Personal information
- Date of birth: 5 January 1997 (age 29)
- Place of birth: Siegen, Germany
- Height: 1.89 m (6 ft 2 in)
- Position: Striker

Youth career
- 0000–2014: Sportfreunde Siegen
- 2014–2016: SC Paderborn 07

Senior career*
- Years: Team / Apps / (Gls)
- 2014–2016: SC Paderborn 07 II / 1 / (0)
- 2016–2018: 1. FC Köln II / 35 / (3)
- 2020–2021: FC UNA Strassen / 4 / (1)
- 2021–2023: SC Wiedenbrück / 53 / (14)
- 2023–2024: Rot-Weiß Oberhausen / 16 / (0)
- 2024: SC Wiedenbrück / 14 / (3)
- 2024–2026: FK Vora / 35 / (25)
- 2026–: Besa Kavajë / 2 / (4)

International career^{‡}
- 2016–2018: Lithuania U21 / 7 / (1)
- 2016–: Lithuania / 4 / (0)

= Manfredas Ruzgis =

German-born Lithuanian footballer

Manfredas Ruzgis (born 5 January 1997) is a footballer who plays as a striker for Albanian club FK Vora.
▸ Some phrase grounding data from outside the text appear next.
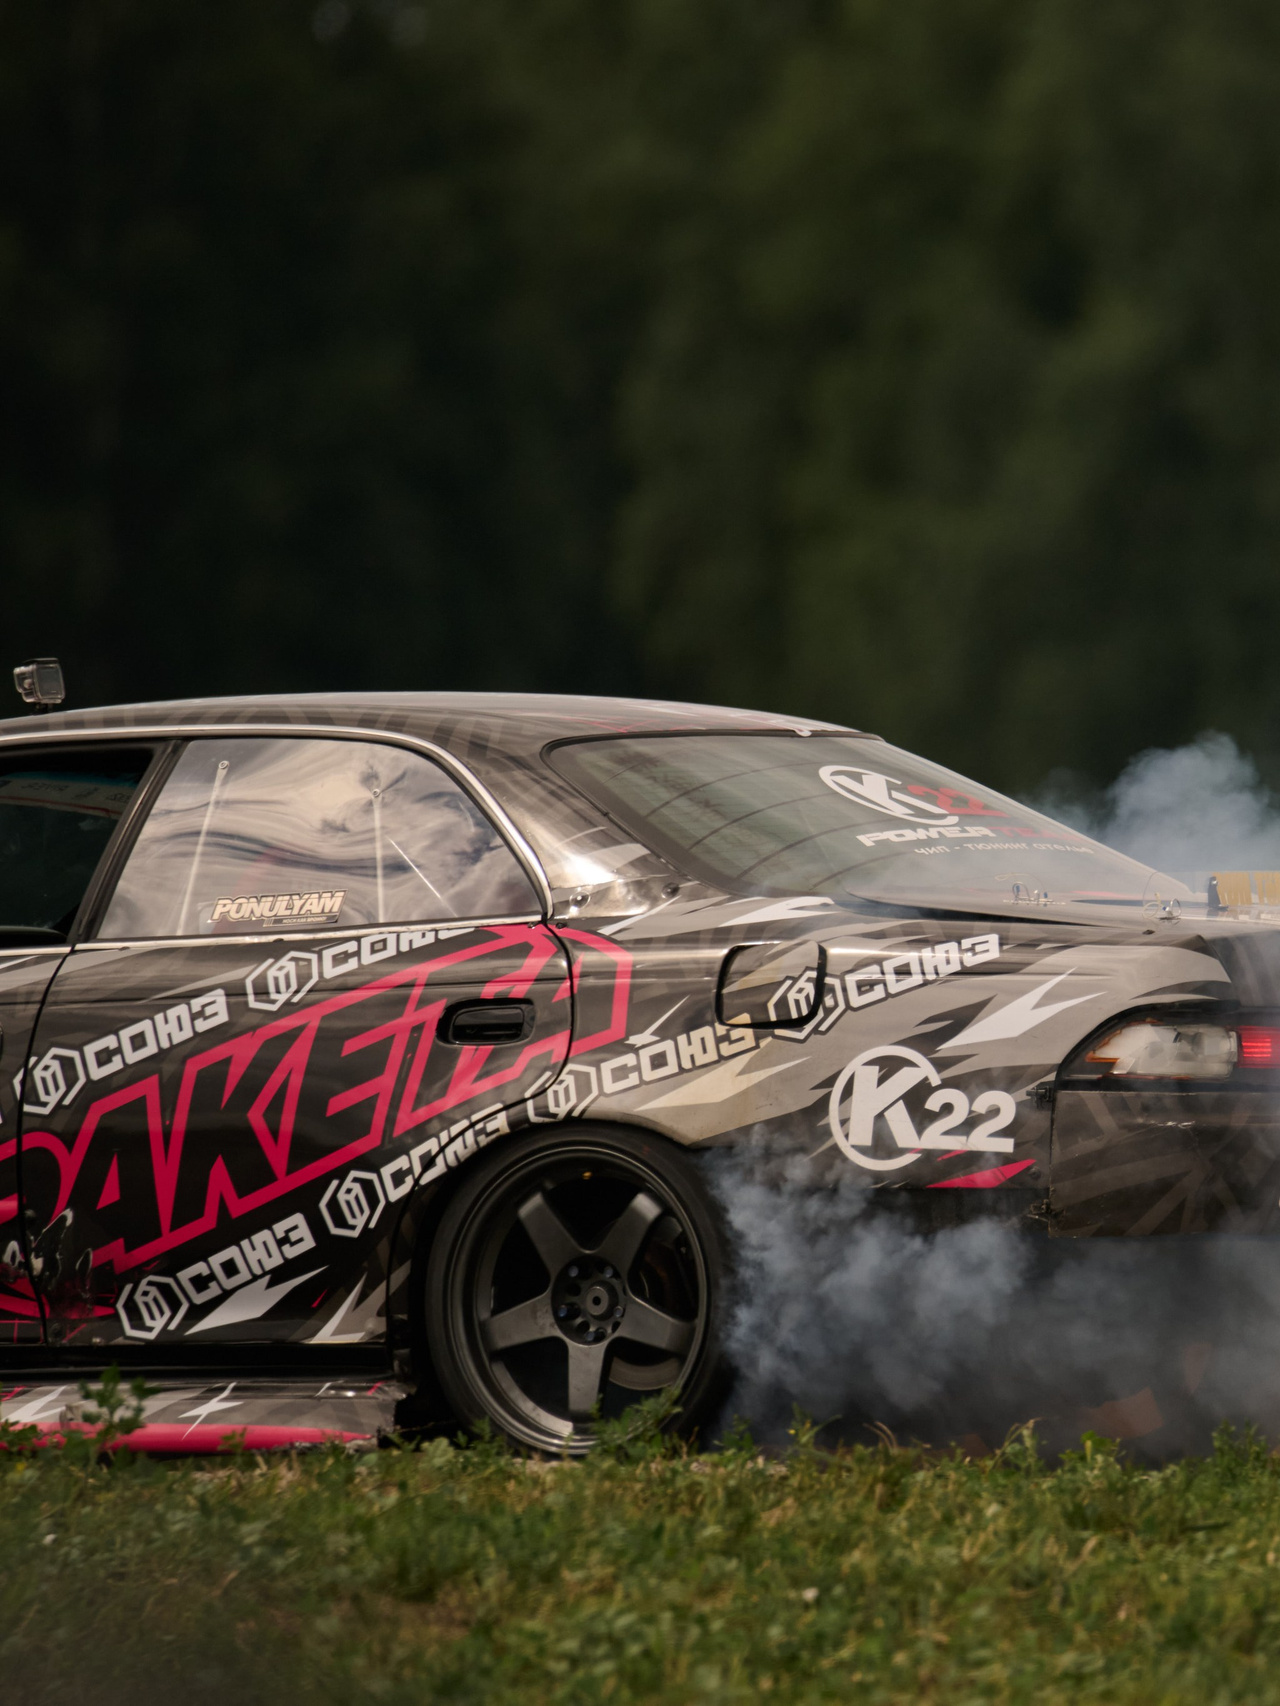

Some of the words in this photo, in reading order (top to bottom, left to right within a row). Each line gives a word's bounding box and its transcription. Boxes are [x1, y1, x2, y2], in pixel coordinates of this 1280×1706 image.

[211, 890, 345, 920] PONULYAM
[322, 928, 475, 980] СОЮ
[845, 933, 1000, 1008] СОЮЗ
[83, 988, 229, 1081] СОЮЗ
[600, 1012, 756, 1094] СОЮЗ
[829, 1045, 1016, 1171] K22
[380, 1102, 510, 1203] СОЮЗ
[176, 1212, 317, 1305] СОЮЗ
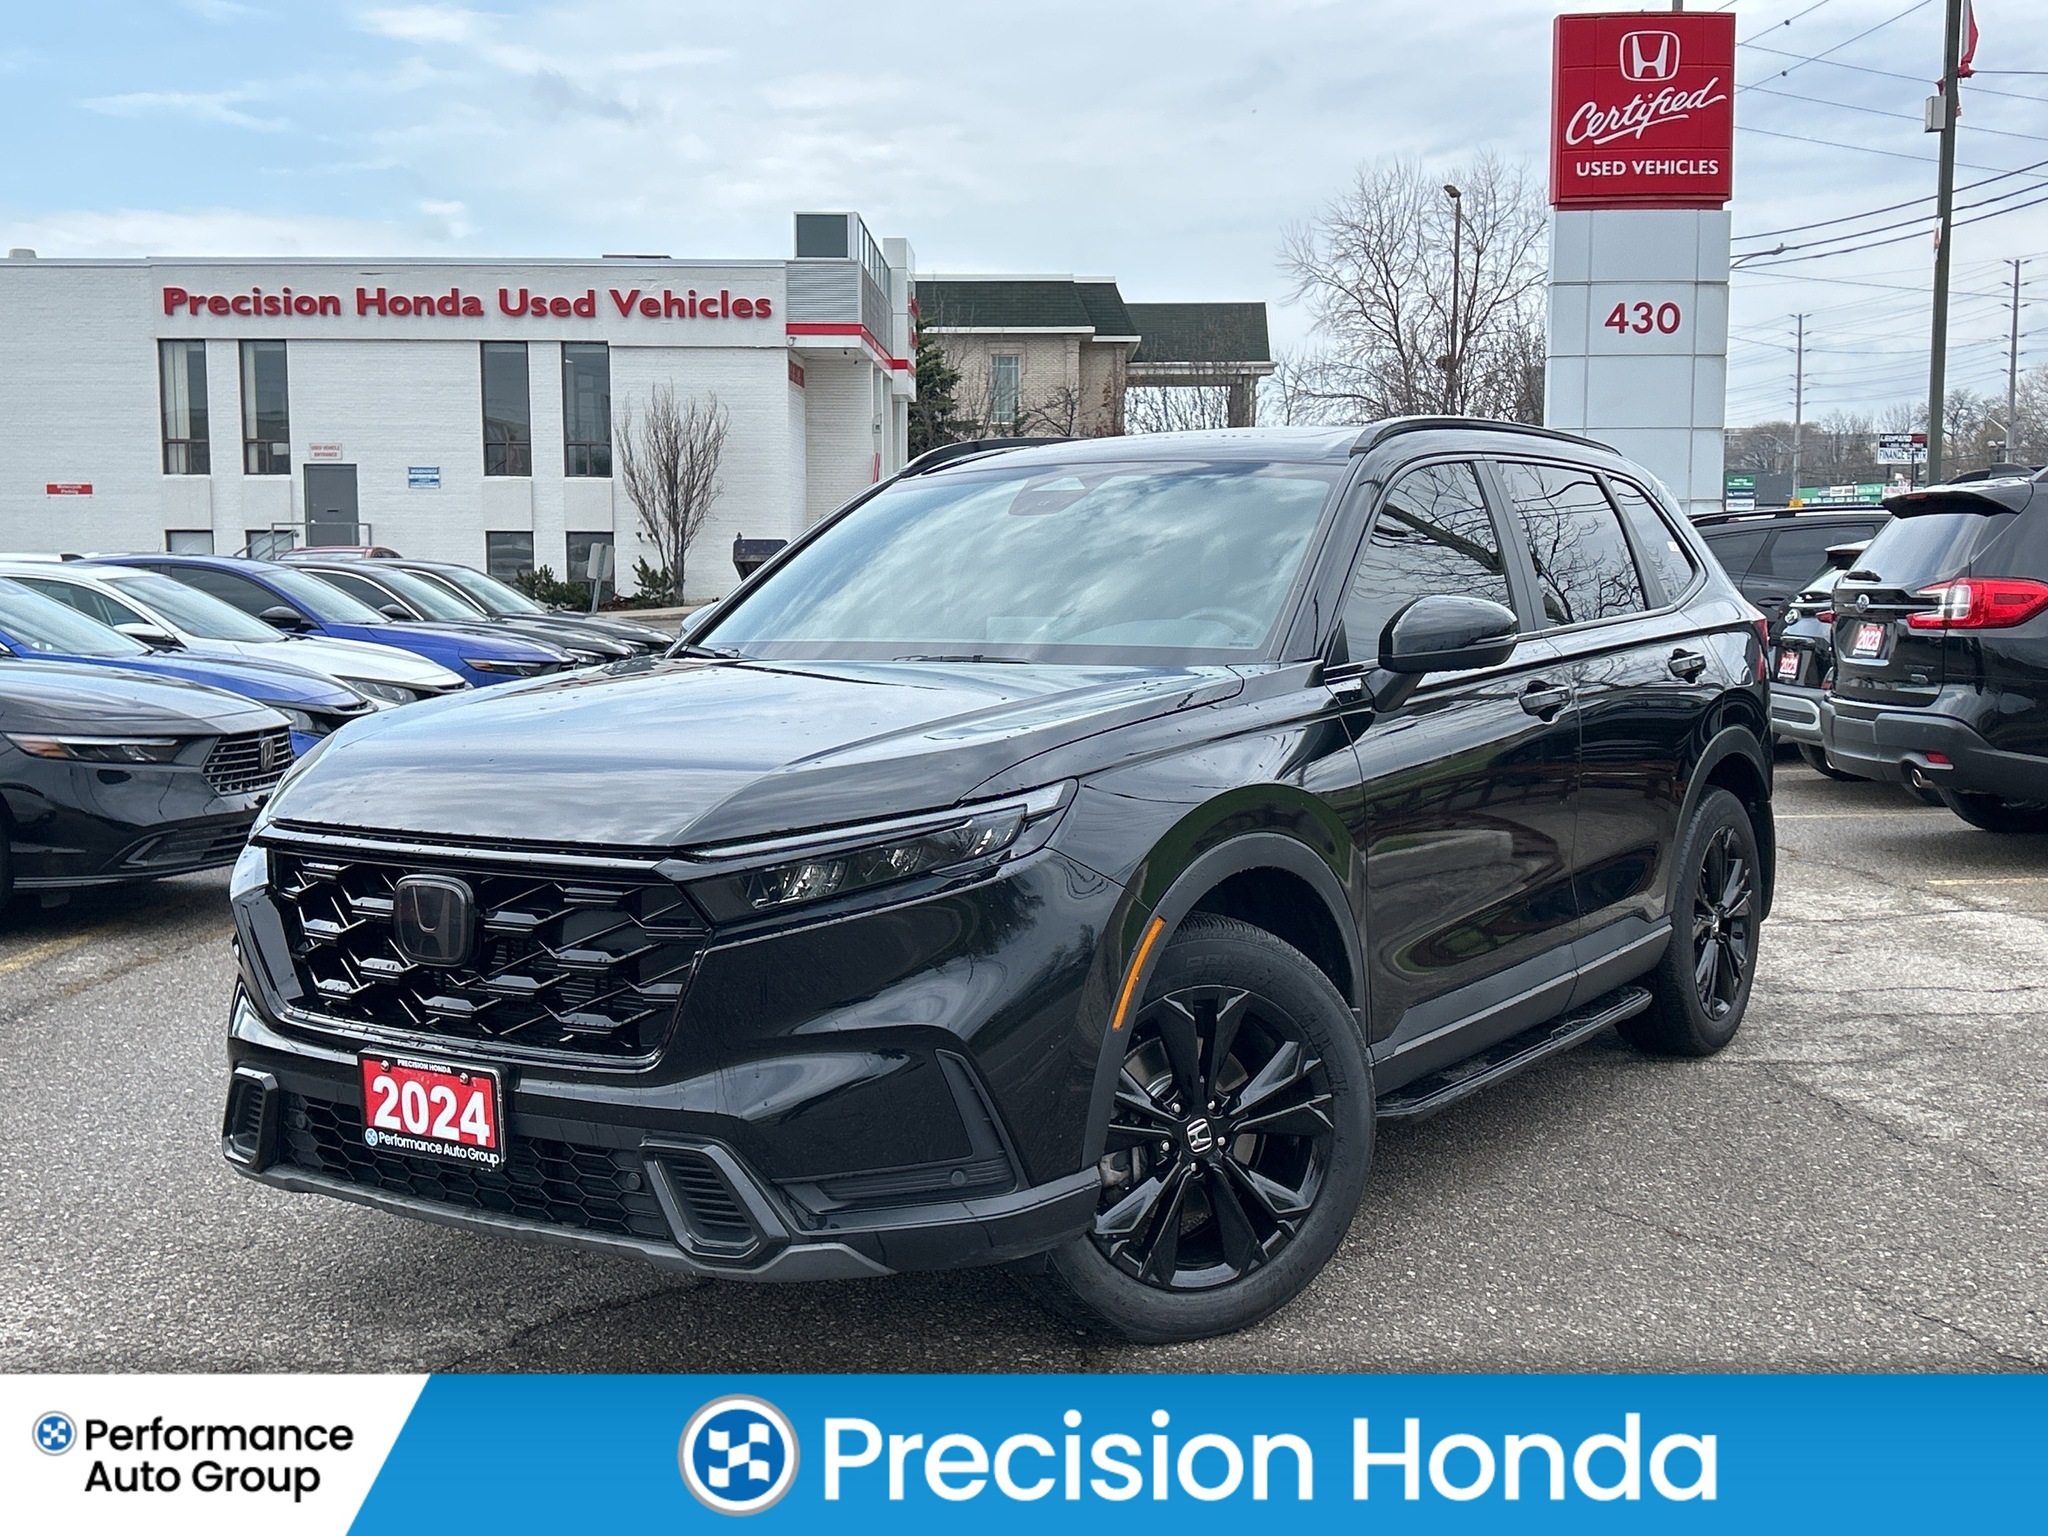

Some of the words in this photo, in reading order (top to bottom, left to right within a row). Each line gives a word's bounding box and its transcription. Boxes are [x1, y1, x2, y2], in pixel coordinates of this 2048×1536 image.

[1565, 76, 1727, 145] Certified
[1576, 161, 1627, 177] USED
[1631, 159, 1719, 175] VEHICLES
[164, 288, 340, 315] Precision
[357, 288, 482, 315] Honda
[499, 289, 595, 317] Used
[611, 290, 771, 318] Vehicles
[1604, 302, 1681, 335] 430
[1856, 630, 1882, 651] 2023
[397, 1058, 430, 1071] PRECISION
[429, 1063, 452, 1074] HONDA
[372, 1075, 491, 1147] 2024
[378, 1131, 443, 1154] Performance
[443, 1143, 467, 1159] Auto
[467, 1147, 500, 1168] Group
Born in Germany, he represents Lithuania at international level. His father Kęstutis Ruzgys was also a footballer.

== Club career ==
On 29 July 2016 Ruzgis moved to 1. FC Köln II.

== International career ==
Ruzgis was born in Germany and is of Lithuanian descent. Ruzgis made his debut for the Lithuania U21 on 1 September 2016 in the 2017 UEFA European Under-21 Championship qualification against Andorra.

In November 2016 Ruzgis received his first call-up to the senior Lithuania squad for a match against Slovakia.